The REUMAVID study “Assessment of the Impact of the COVID-19 Pandemic on People with Rheumatic Diseases in Europe” is a cross-sectional study conducted using an online patient survey aiming to evaluate patients with rheumatic and musculoskeletal diseases physical and psychological health, wellbeing and lifestyle habits, access to healthcare and treatment as well as access to information and supportive services, and how have they changed during the pandemic, from their perspective, using a holistic approach. This complements the already existing clinical body of data of how patients were affected irrespective of whether they contracted COVID-19.
REUMAVID is an international collaboration led by the Health & Territory Research group of the University of Seville, together with CEADE (Spanish Federation of Patient Organizations) and other patient organizations from seven European countries and, a multidisciplinary research team involving patient research partners, rheumatologists, psychologists, and researchers.

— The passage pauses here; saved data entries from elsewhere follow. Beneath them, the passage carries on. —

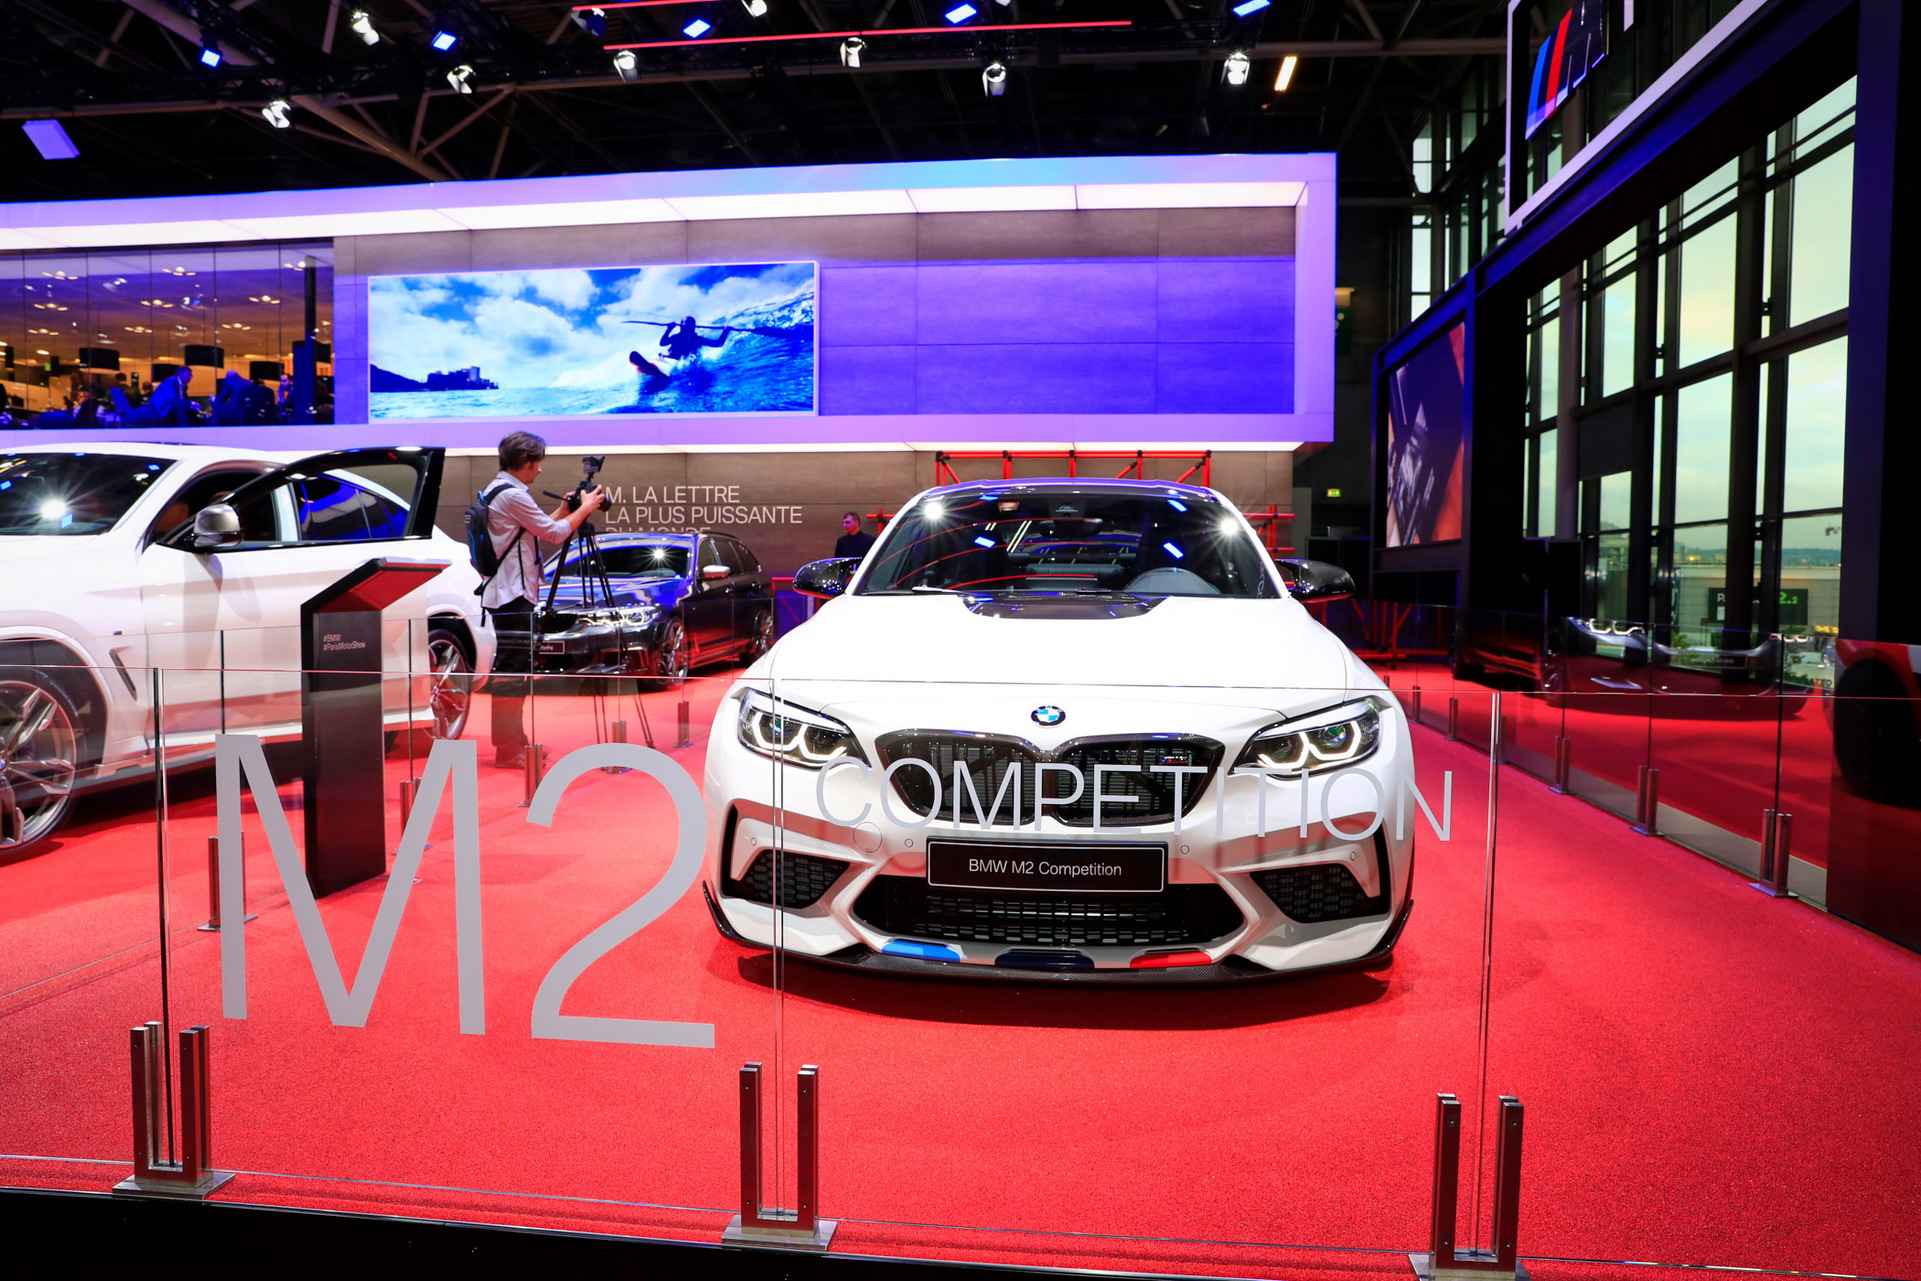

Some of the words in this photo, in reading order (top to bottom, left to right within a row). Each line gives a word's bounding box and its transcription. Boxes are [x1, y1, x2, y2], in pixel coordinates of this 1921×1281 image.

[605, 486, 626, 503] M.
[632, 486, 658, 503] LA
[663, 486, 740, 503] LETTRE
[605, 507, 630, 524] LA
[636, 507, 685, 524] PLUS
[692, 506, 803, 524] PUISSANTE
[969, 859, 1008, 873] BMW
[1012, 861, 1034, 874] M2
[1039, 862, 1122, 878] Competition
[215, 734, 715, 1049] M2
[815, 755, 1453, 842] COMPETITION
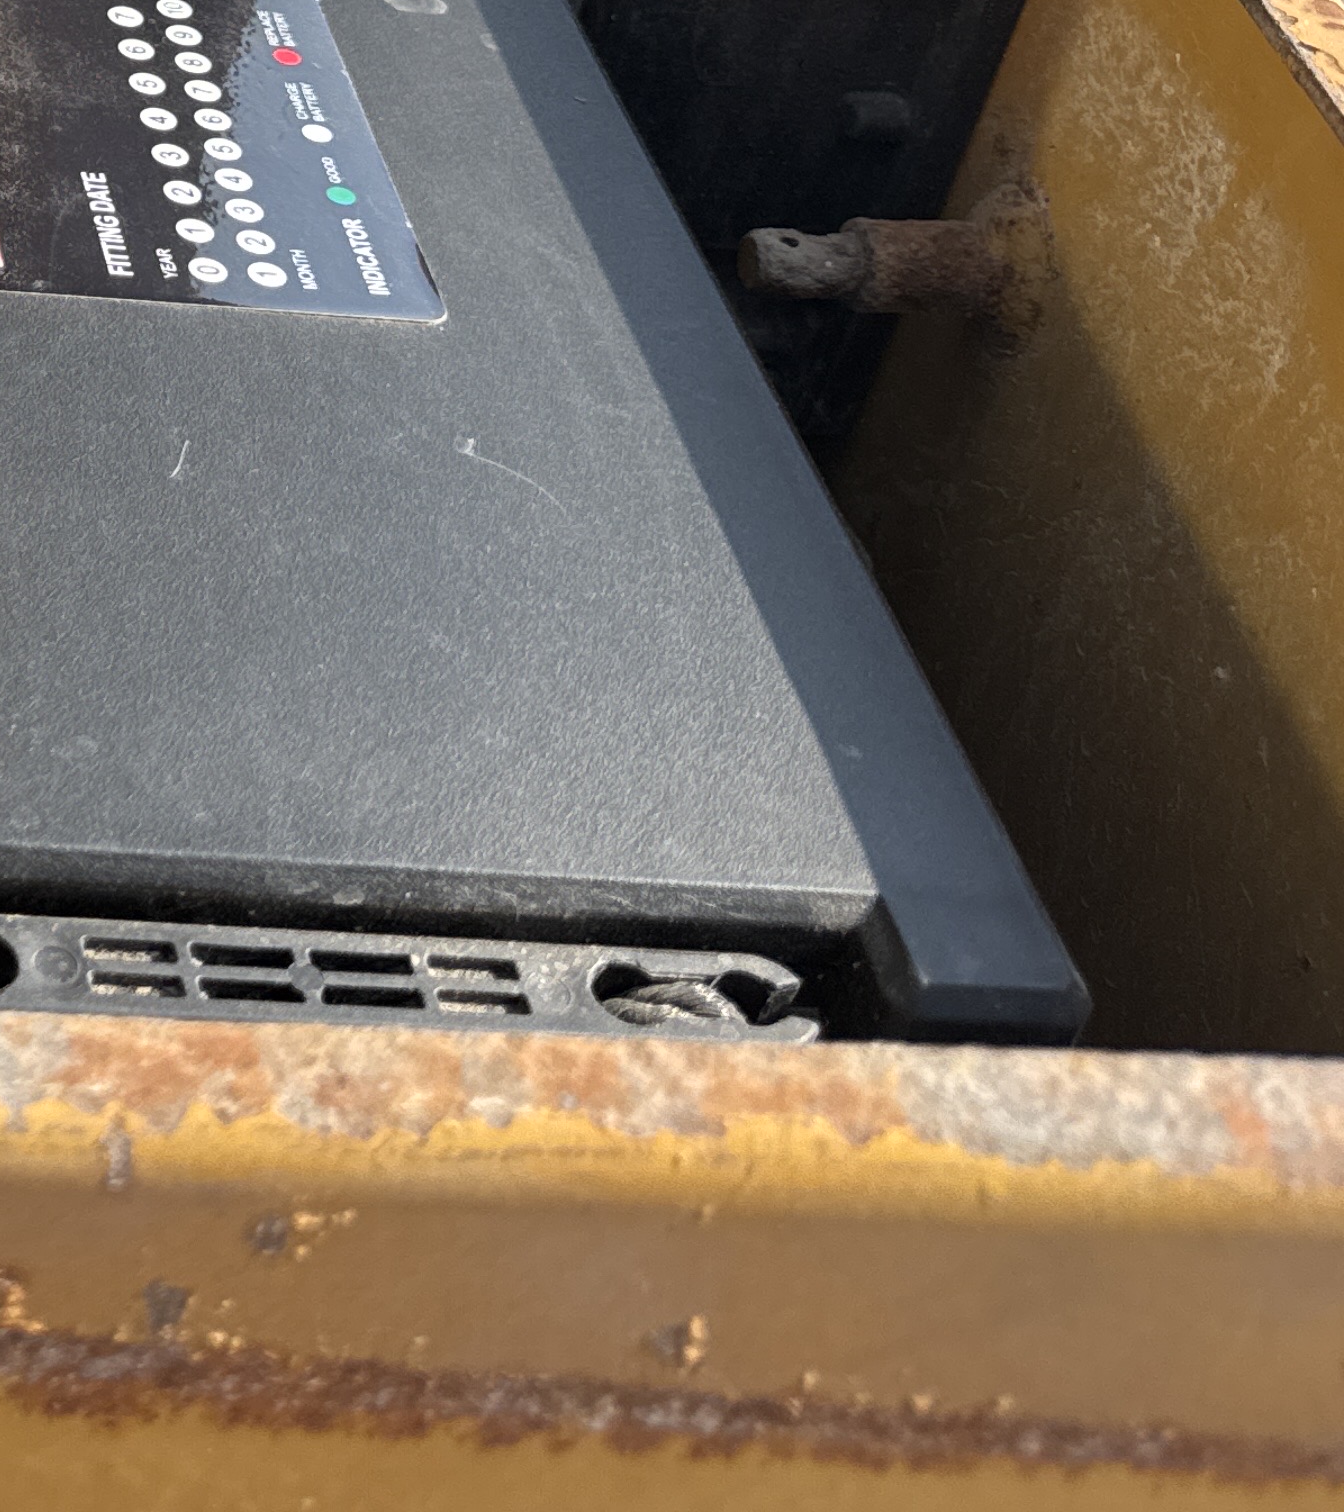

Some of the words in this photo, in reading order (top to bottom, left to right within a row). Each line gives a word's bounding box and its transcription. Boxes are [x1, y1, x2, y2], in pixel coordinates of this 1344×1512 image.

[256, 9, 280, 47] REPLACE
[272, 11, 297, 47] BATTERY
[283, 81, 310, 120] CHARGE
[298, 82, 325, 123] BATTERY
[321, 156, 343, 184] GOOD
[80, 170, 111, 213] DATE
[92, 213, 135, 278] FITTING
[154, 247, 180, 279] YEAR
[341, 217, 392, 296] INDICATOR
[288, 249, 319, 291] MONTH

The COVID-19 pandemic has put an unprecedented strain on European healthcare systems that has led to a forced prioritization of the management of the pandemic over the routine management of chronic conditions like rheumatic diseases.
Several projects have been launched to collect clinical data on the impact of COVID-19, such as the EULAR-COVID-19 Database or the COVID-19 Global Rheumatology Alliance. However, there is a lack of information to understand the impact of the pandemic and related measures on people with rheumatic conditions as a whole.

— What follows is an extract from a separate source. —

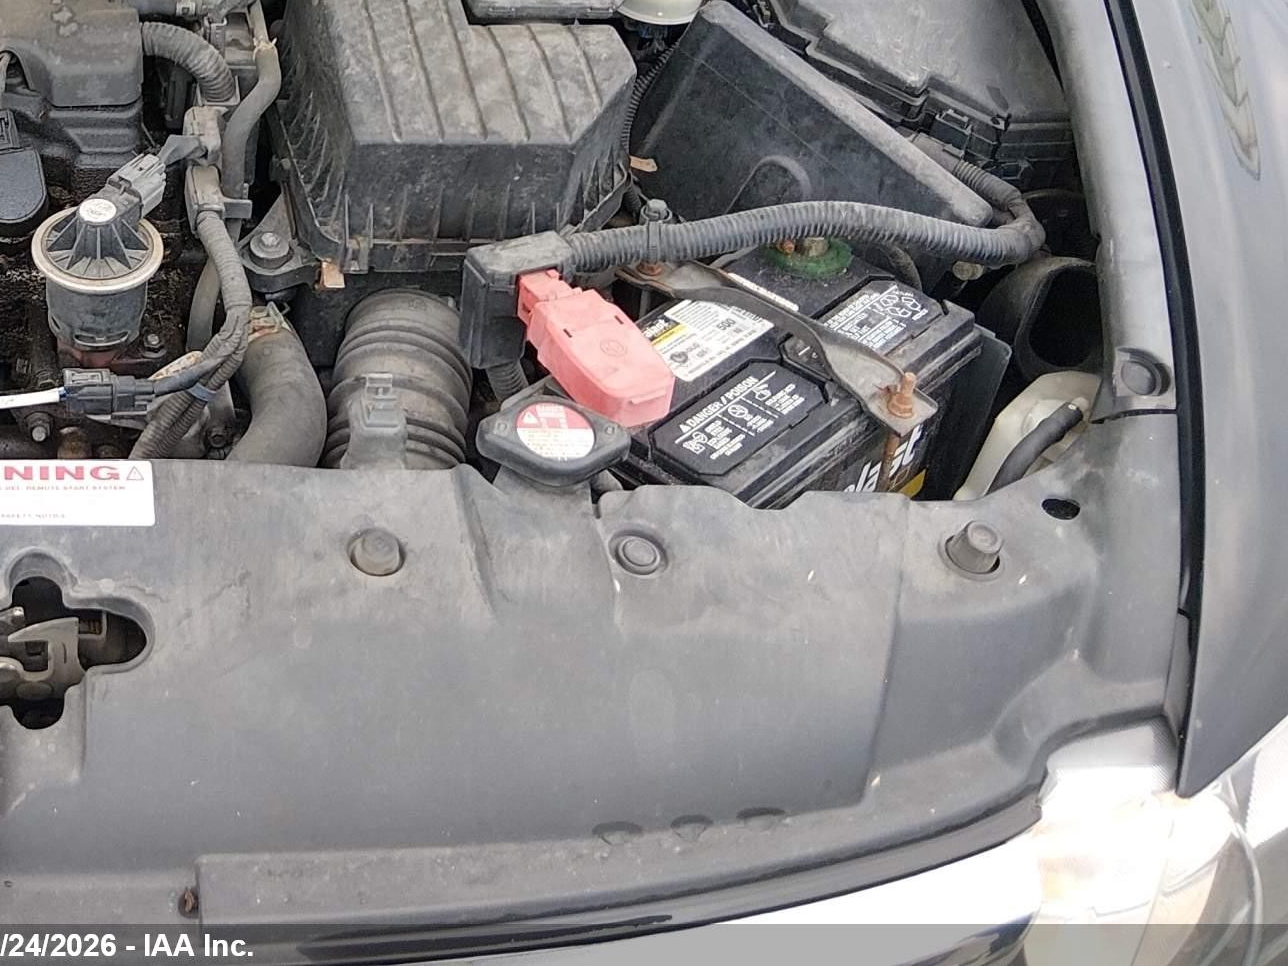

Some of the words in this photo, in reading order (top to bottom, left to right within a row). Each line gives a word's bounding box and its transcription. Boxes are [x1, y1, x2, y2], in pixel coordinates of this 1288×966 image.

[716, 317, 736, 331] 500
[686, 401, 724, 427] DANGER
[724, 375, 759, 401] POISON

Research on the experience of people with rheumatic diseases is crucial to make the voice of patients be heard and for decision-makers to adapt health policy as the pandemic develops.
REUMAVID is a study from patient to patients. Patient research partners are involved in all stages of the process: conception, study design, interpretation of data and dissemination.
REUMAVID started in Spain during the first wave of the COVID-19 pandemic, when many people were being hospitalised and losing their lives. During this time many European countries went into lockdown.
We started to think about the people with rheumatic diseases. How would they be coping? Were they getting access to the health care and treatment they needed to manage their rheumatic condition?
In search of answers, the Health & Territory Research team at the University of Seville contacted the Spanish Coordination of Spondyloarthritis Associations (CEADE) to identify the main concerns and priorities of patients during lockdown. This information was used to develop a pilot questionnaire for patients with rheumatic diseases in Spain, but soon other patient associations in Europe expressed interest in joining this initiative, and REUMAVID was born. As suspected, we found that many people with rheumatic diseases were unable to access the help they needed and found their general, health, rheumatic condition, and mental health deteriorating.
The results of REUMAVID were well received at various national and international congresses, including the American College of Rheumatology Annual Meeting, ACR Convergence 2020, where the results of REUMAVID were selected as an oral presentation.
We continue our efforts to disseminate REUMAVID results so that its key messages reach patients, clinicians, the general public and policy makers. Similarly, REUMAVID results are being used to establish recommendations on how to better meet the needs of patients in times of crisis, and to support the design of future strategies to minimise the negative consequences of the pandemic on the health and well-being of people with rheumatic diseases.